Кроме того, что это медиа и штудия, это ещё и литературный семинар. Те, кто что-то пишут, присылают мне туда свои тексты, и я их тщательно разбираю на всех уровнях. Вспоминаю опыт редакторской работы в разных издательствах. 

Но мне нужно сто подписчиков. Больше незачем. Сто друзей — это то, что нужно, а двести друзей уже не может быть. В идеале я хочу создать секту, совсем не большую и даже не с общими взглядами, но с общими интересами, вкусами и паролями. Если получится, люди из этой секты смогут реально встречаться иногда в разных точках мира для проведения интересных очных работ, ритуалов, практик. 

Мой социальный идеал сейчас это не империя, не царство и даже не партия, но племя, локальная субкультура. Племя, которое повторяет в себе весь макрокосм и поэтому такого племени человеку вполне достаточно. Племя с высокой плотностью коммуникации и собственным сложившимся языком внутри. За этим бусти. Большие коллективы обычно удручают, но малые коллективы добровольцев очаровывают иногда. 

— Как участник издания «Кенотаф» с последним особенно соглашусь. 

— Я всегда был склонен к созданию малых коллективов, ангажированных групп и к замыканию в них, но жизнь часто соблазняла меня большими медиа, массовыми политическими проектами, издательским мессианизмом. А теперь вот наконец устала соблазнять.  

Глава вторая о компромиссах в мировоззрении, стиле в политике и основном свойстве бытия

— Сборники твоей предыдущей публицистики «Поп-марксизм» и «Марксизм как стиль» сильно повлияли на мой строй мысли. Может быть, я и не стал размахивать красным флагом, но в твоих текстах всегда были разбросаны идеи и мысли, которые выходили за рамки любой идеологической картины мира, и помогали находить какой-то собственный путь. Одна из них следующая: ты назвал свою систему взглядов сложным компромиссом между марксизмом и анархизмом. Почему и как ты пришёл к идее этого компромисса? Насколько поиск компромисса при формировании мировоззрения важен?

— Дело, конечно, не в том, чтобы начать размахивать флагом того или иного цвета. Хотя… Иногда мне казалось, что более захватывающего занятия, чем размахивание красным флагом, просто нет. Я размахивал им и думал — вы все идете на работу, а я просто размахиваю флагом, вы влезаете в ипотеку, строите друг другу глазки и совместно надуваете подушки безопасности, вы поднимаетесь по ступеням пирамиды, надежно положенным друг на друга, толкаетесь, соскальзываете вниз, карабкаетесь снова, а я просто размахиваю красным флагом всё это время. В чём тут удовольствие? Я сделал себя носителем знака в буквальном смысле. Носителем знака и не более. Или частью знака? В этом много приятного самоотказа. Красный – цвет моего невроза, поэтому этот флаг казался мне всегда самым красивым. 

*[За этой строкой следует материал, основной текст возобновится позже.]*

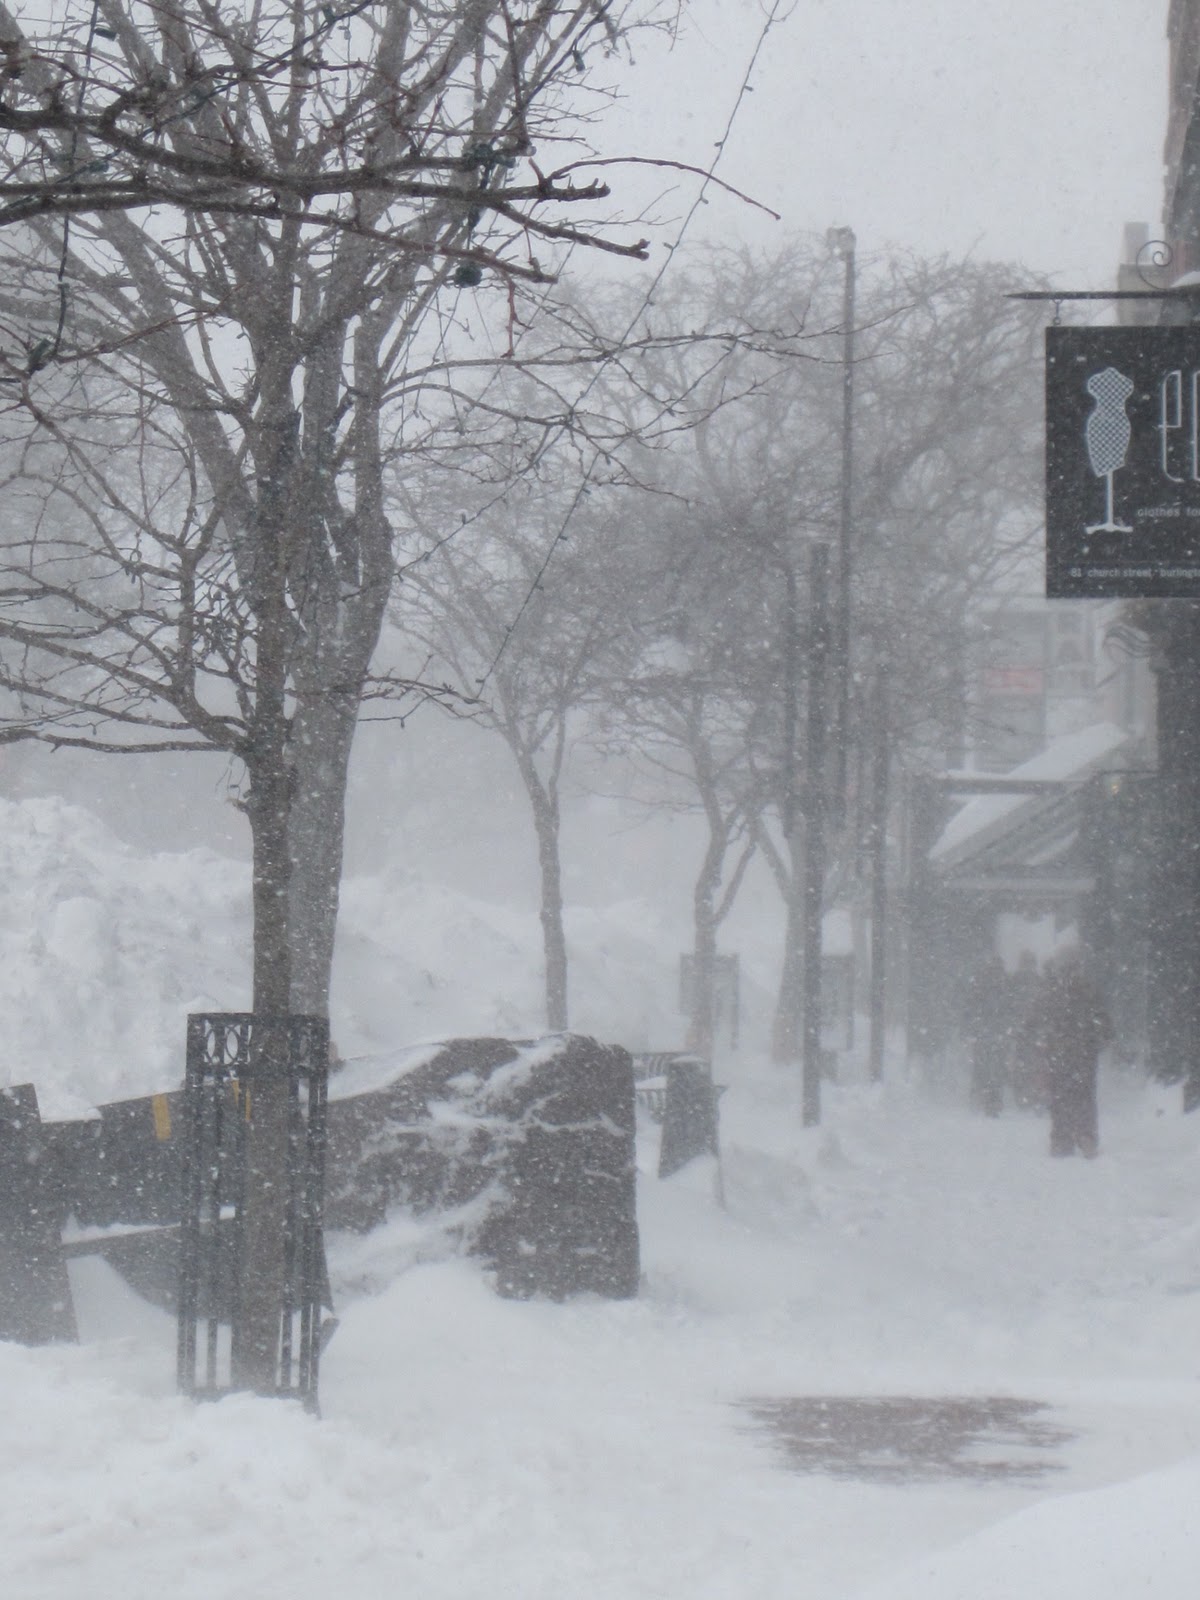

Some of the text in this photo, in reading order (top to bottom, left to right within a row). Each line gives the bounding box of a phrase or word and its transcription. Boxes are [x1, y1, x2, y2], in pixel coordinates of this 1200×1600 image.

[1137, 506, 1200, 517] clothes fo
[1070, 567, 1082, 577] 81
[1087, 567, 1120, 577] church
[1123, 568, 1152, 577] street

Фото: личная страница в Facebook (принадлежит экстремистам из Meta)

Помнишь, как Достоевский сказал однажды, что даже если ему стопроцентно докажут, что Иисус и истина по разные стороны, он выберет остаться с Иисусом, а не с истиной? Вот у меня так же с Марксом. Я предпочел бы и дальше ошибаться вместе с ним вместо того, чтобы оказаться правым в компании его разоблачителей. 

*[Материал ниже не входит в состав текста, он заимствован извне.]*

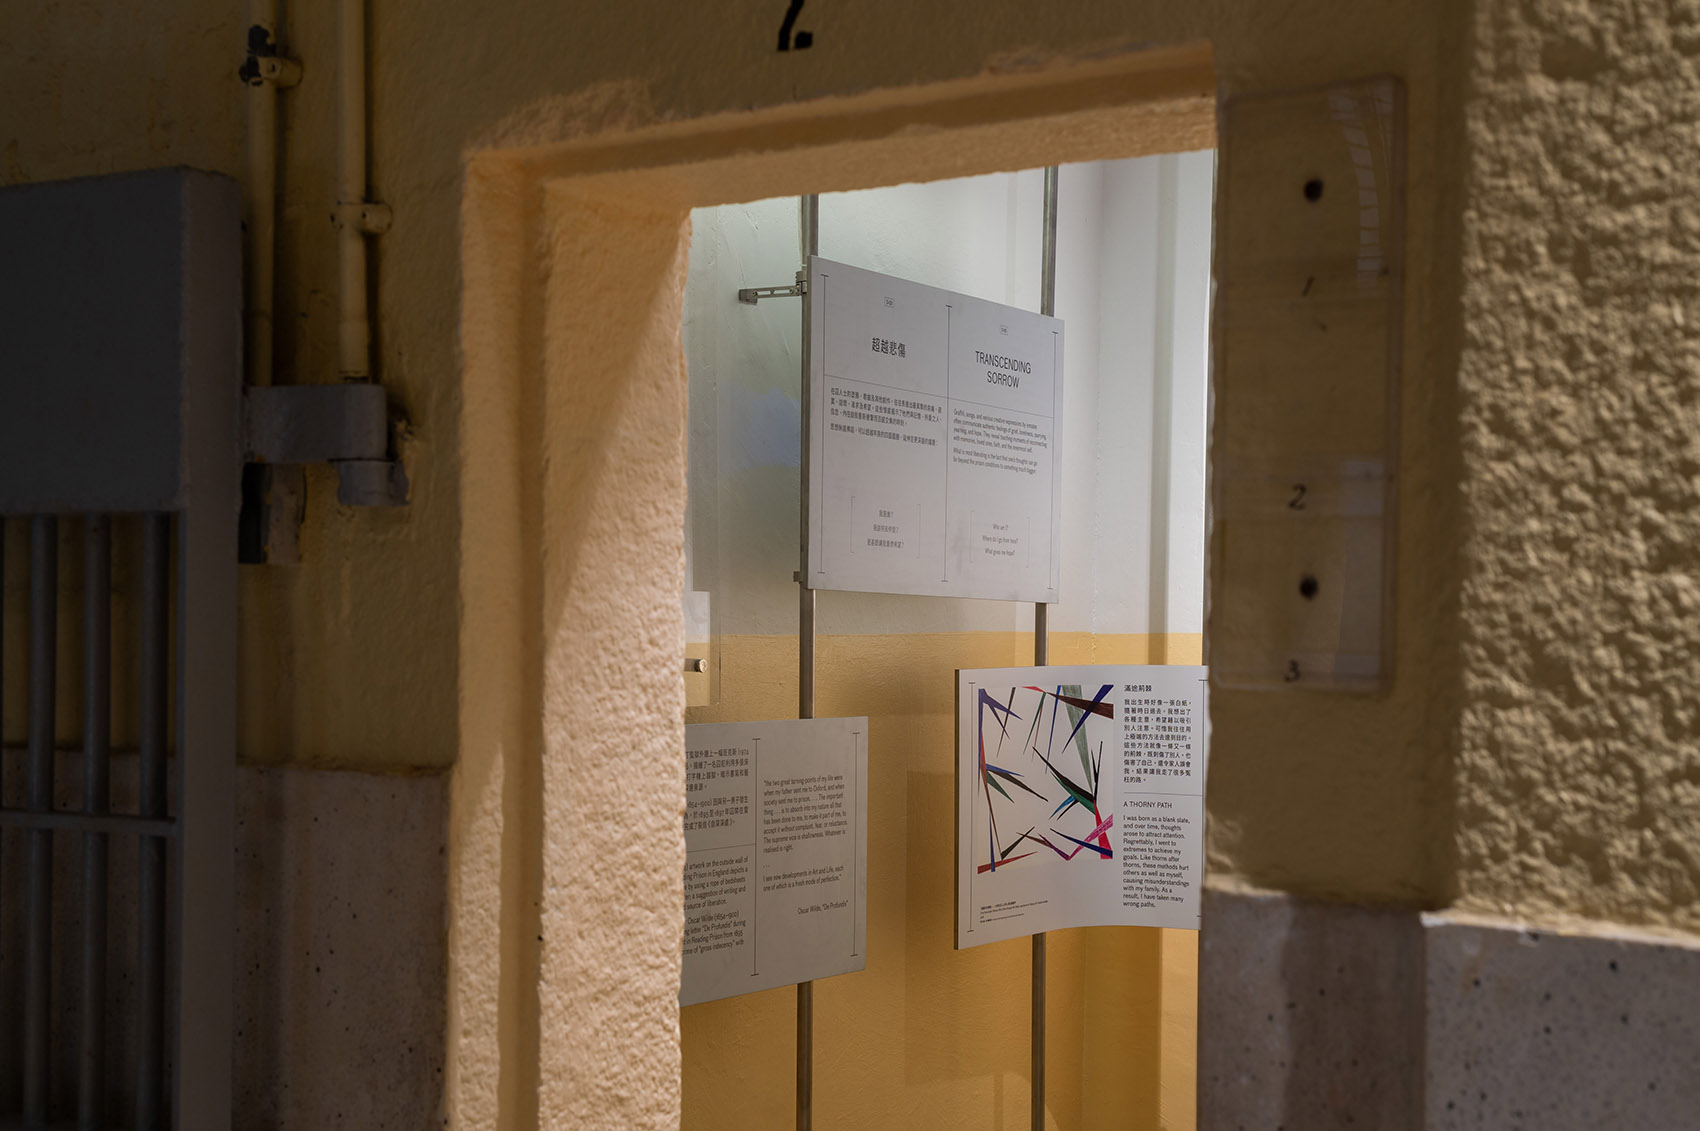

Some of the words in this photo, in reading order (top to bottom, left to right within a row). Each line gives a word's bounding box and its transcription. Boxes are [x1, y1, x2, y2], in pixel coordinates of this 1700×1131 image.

[872, 337, 906, 358] 超越悲傷
[975, 350, 1031, 374] TRANSCENDING
[987, 371, 1020, 388] SORROW
[1288, 483, 1307, 511] 2
[1160, 824, 1182, 832] thoughts
[1123, 838, 1154, 847] Regrettably,
[1123, 854, 1139, 862] goals.
[1166, 871, 1183, 879] myself,
[1123, 877, 1143, 885] causing
[1144, 878, 1189, 888] misunderstandings
[1144, 885, 1160, 894] family.
[1141, 900, 1156, 909] paths.

Вообще, меня в людях интересует прежде всего вот это — ради чего они готовы отказаться от истины мира? Что представляется им более ценным, чем законы реальности, продиктованные демиургом? Есть ли у них что-то поважнее правил гравитационной тюрьмы и рыночных формул?   

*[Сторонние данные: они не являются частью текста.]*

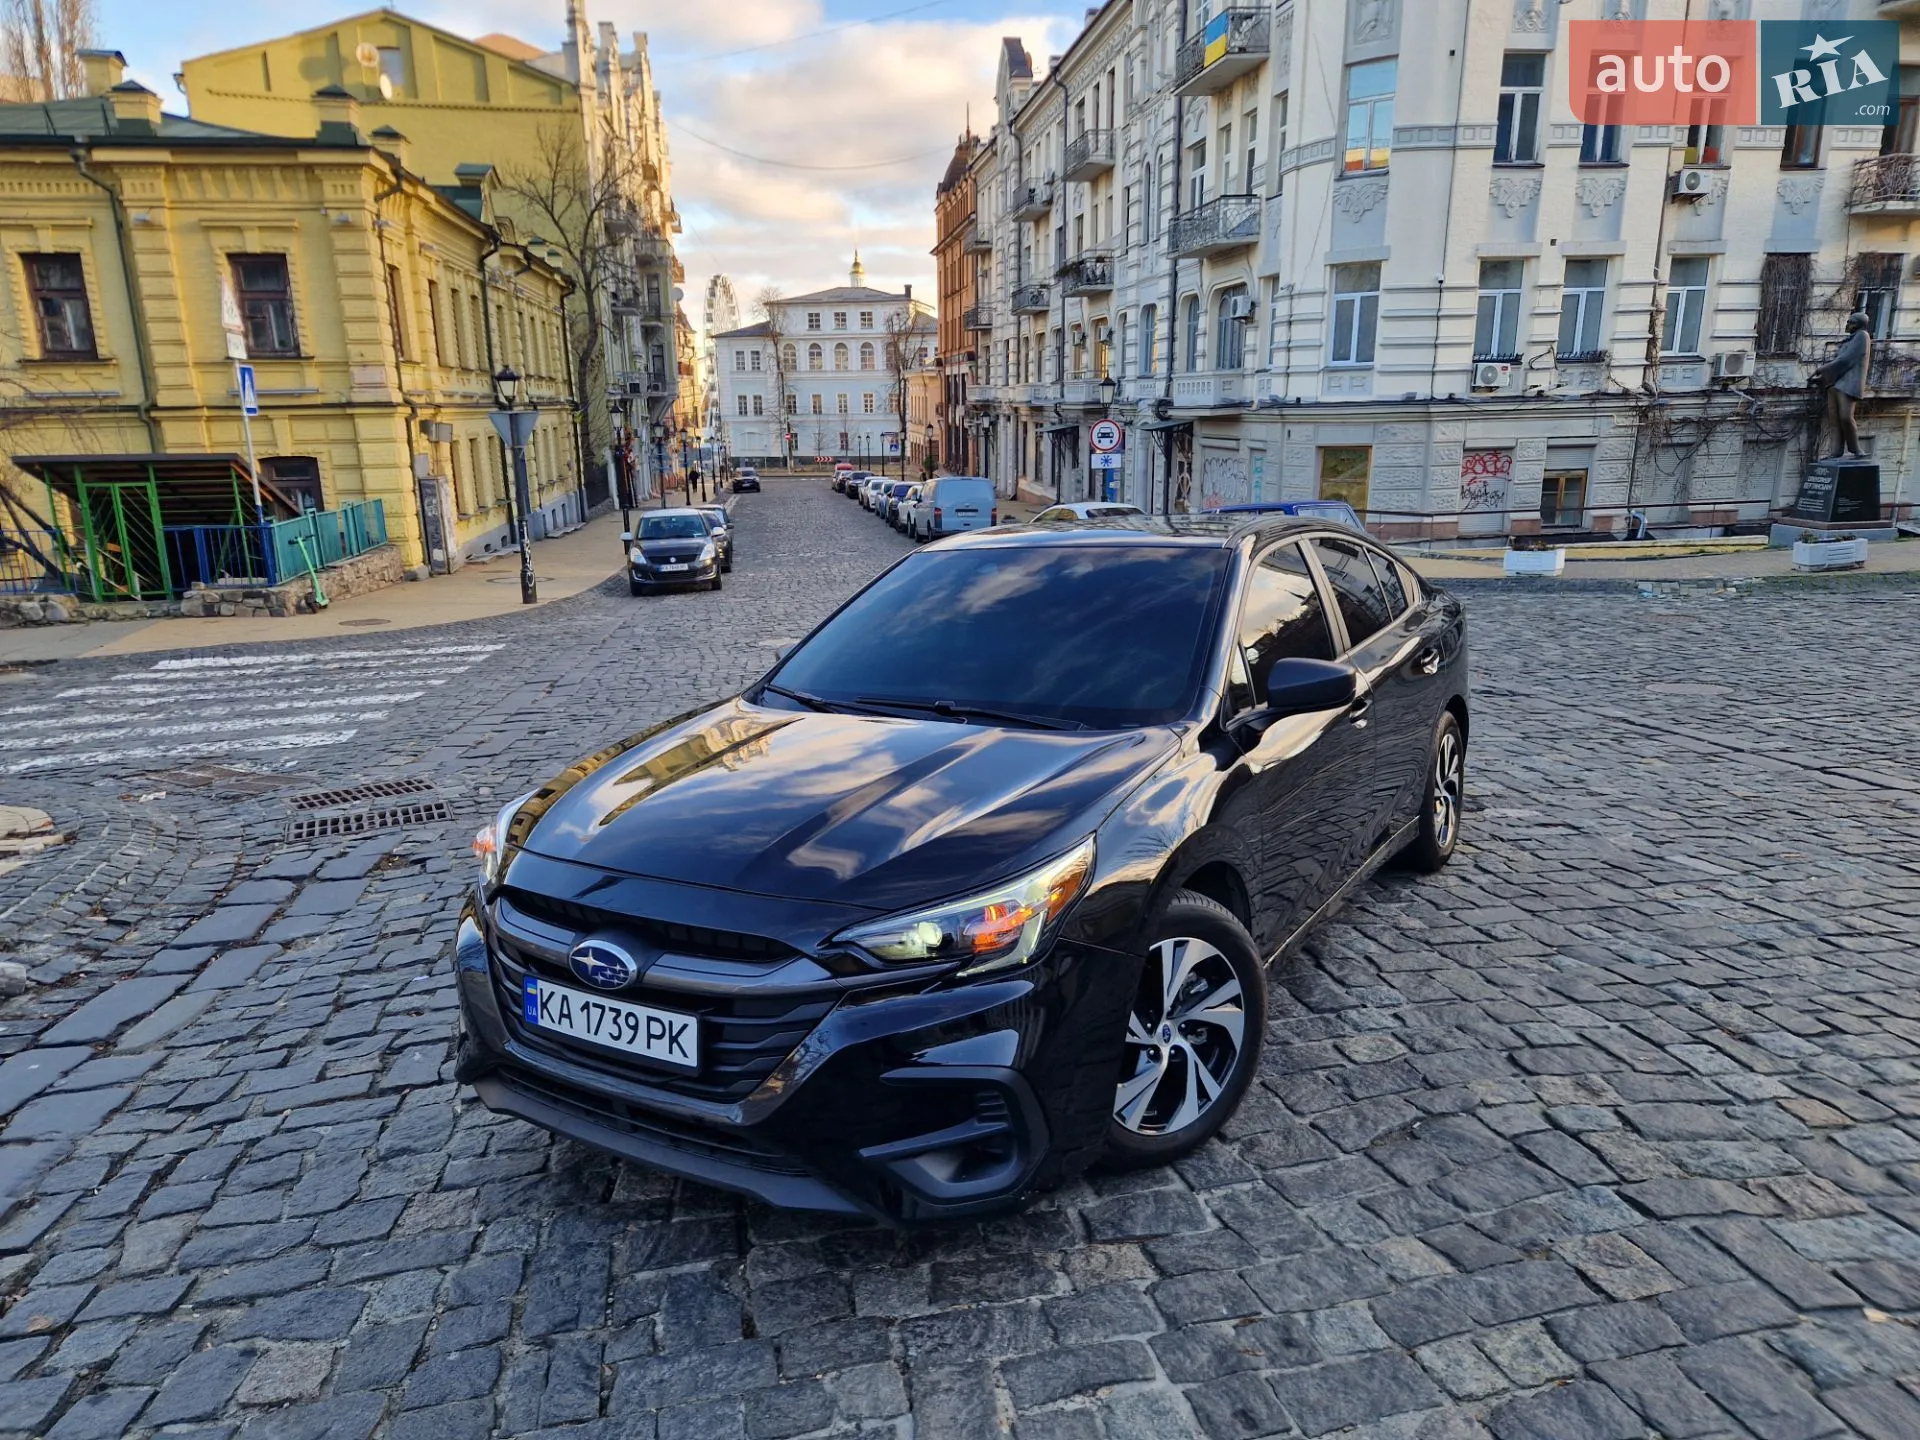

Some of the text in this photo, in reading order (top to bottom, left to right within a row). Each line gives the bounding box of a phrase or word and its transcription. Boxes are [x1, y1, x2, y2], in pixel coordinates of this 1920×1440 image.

[527, 1005, 537, 1017] UA
[539, 987, 689, 1059] KA 1739 PK

Любое мировоззрение может стать той печкой, от которой вы пляшете. Если оно хорошо исполнено, артикулировано. Но тут, кроме уровня исполнения, есть и второй момент — ваш диагноз, набор симптомов, личных маний. 

В этом есть красивая сложность. Человек, выбирая себе идентичность, использует не одну, а две системы распознавания. Первая — это классно сделано, высоко, хочу дотянуться и встать на этой сквозящей высоте, или же вторая — это просто соответствует моей внутренней драме, моему переживанию жизни, как личный сюжет, независимо от уровня исполнения.

Выбирая мировоззрение, мы всё время колеблемся между этими двумя вещами — чьим-то уровнем исполнения и собственным диагнозом. В последние советские годы многие становились демократами просто потому, что в ту эпоху у демократии была самая качественная артикуляция. Но это не вполне соответствовало их личным симптомам. И они не долго поэтому пробыли демократами. 

Этот двойной выбор напоминает мне известный картографический парадокс — чтобы верно изобразить поверхность земли на плоскости, понадобится не одна карта, а две, никак иначе объем не переводится в плоскость. Я недавно писал в бусти как раз об этом, как о ключевой метафоре нашей картины мира. 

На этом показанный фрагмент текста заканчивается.